In the present article, a library of novel non-symmetrical di-/tri-methoxy-aryl-substituted mono-spiro-1,2,4,5-tetraoxanes (5a-m) has been prepared from methyltrioxorhenium(VII) complex-catalysed two-step one-pot direct oxidation approach. The in vitro antiplasmodial and cytotoxic potentials of all non-symmetrical di-/tri-methoxy-aryl-substituted mono-spiro-1,2,4,5-tetraoxanes (5a-m) have been assessed against the chloroquine-resistant FcB1 strain of Plasmodium falciparum, HeLa, A549 and A2780 cancer cells.

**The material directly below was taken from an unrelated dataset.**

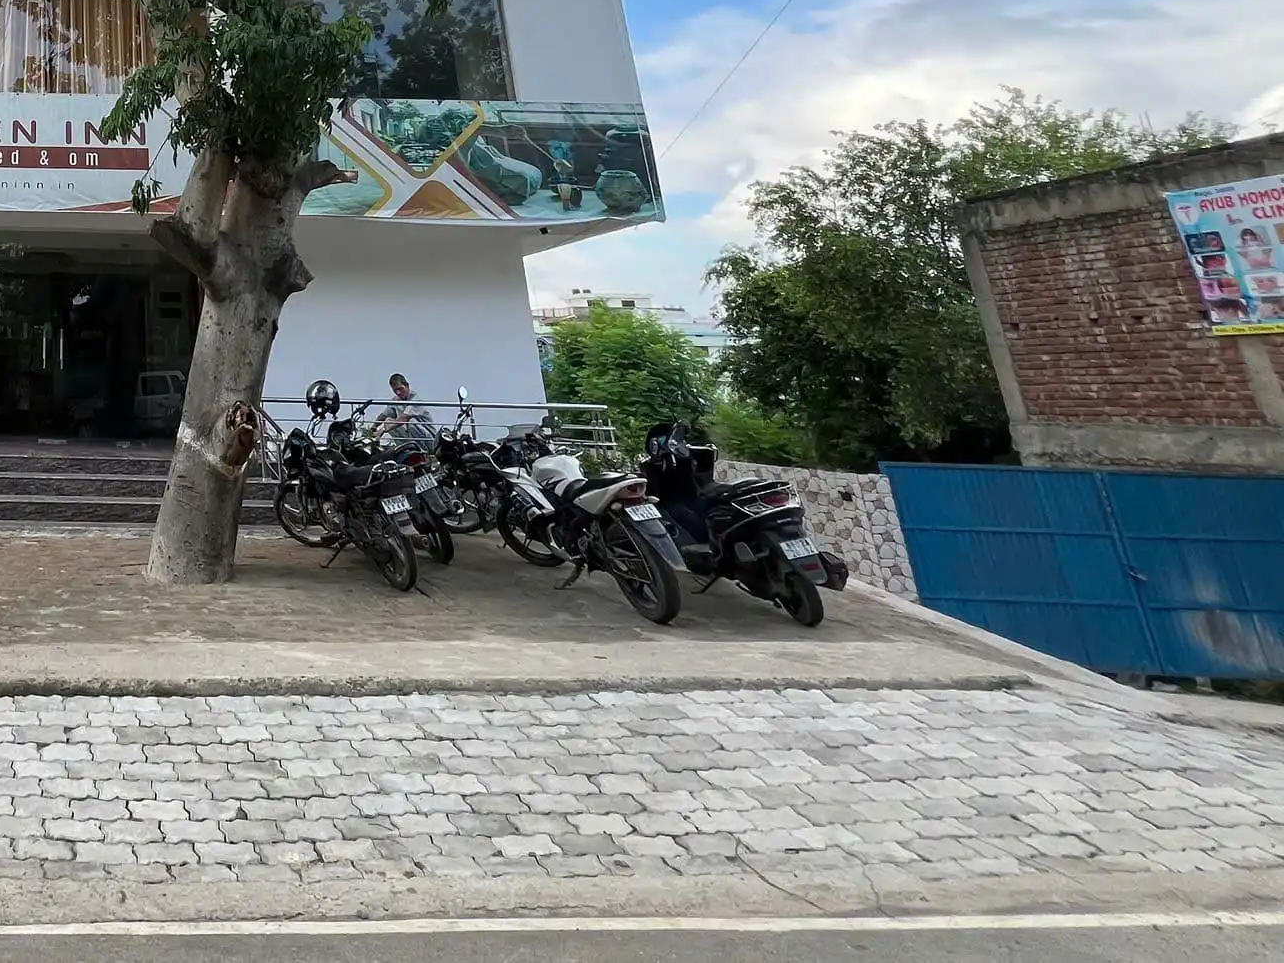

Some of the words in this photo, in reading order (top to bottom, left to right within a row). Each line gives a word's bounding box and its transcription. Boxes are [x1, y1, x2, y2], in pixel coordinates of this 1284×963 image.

[65, 120, 146, 146] INN
[39, 149, 50, 166] &
[69, 151, 99, 166] om

The in vitro biological assessment has afforded eight di-/tri-methoxy-aryl-substituted mono-spiro-1,2,4,5-tetraoxane derivatives (5b-e, 5g, 5i, 5k-l) with nanomolar antiplasmodial activity (IC₅₀ = 34–91 nM and Selectivity Index = 109–2900). Along with this, two tri-OMe-aryl substituted mon-spiro-1,2,4,5-tetraoxane analogues (5i and 5l) have also shown dual potency with strong antiplasmodial (5i, IC₅₀ = 46 nM; 5l, IC₅₀ = 48 nM), and in vitro micromolar cytotoxicity against the A2780 ovarian cancer (5i, IC₅₀ = 3.82 μM; 5l, IC₅₀ = 1.98 μM) and HeLa cells (5i, LD₅₀ = 10.85 μM; 5l, LD₅₀ = 5.8 μM). In addition, potential drug-target interactions prediction for representative compounds (5d, 5i, and 5l) has been examined using different computational-based techniques. Through this study, the selective incorporation of functionalized di-/tri-methoxy-aryl moieties on the mon-spiro-1,2,4,5-tetraoxane skeleton has proved efficient in improving the overall biological activities of the resulting molecules.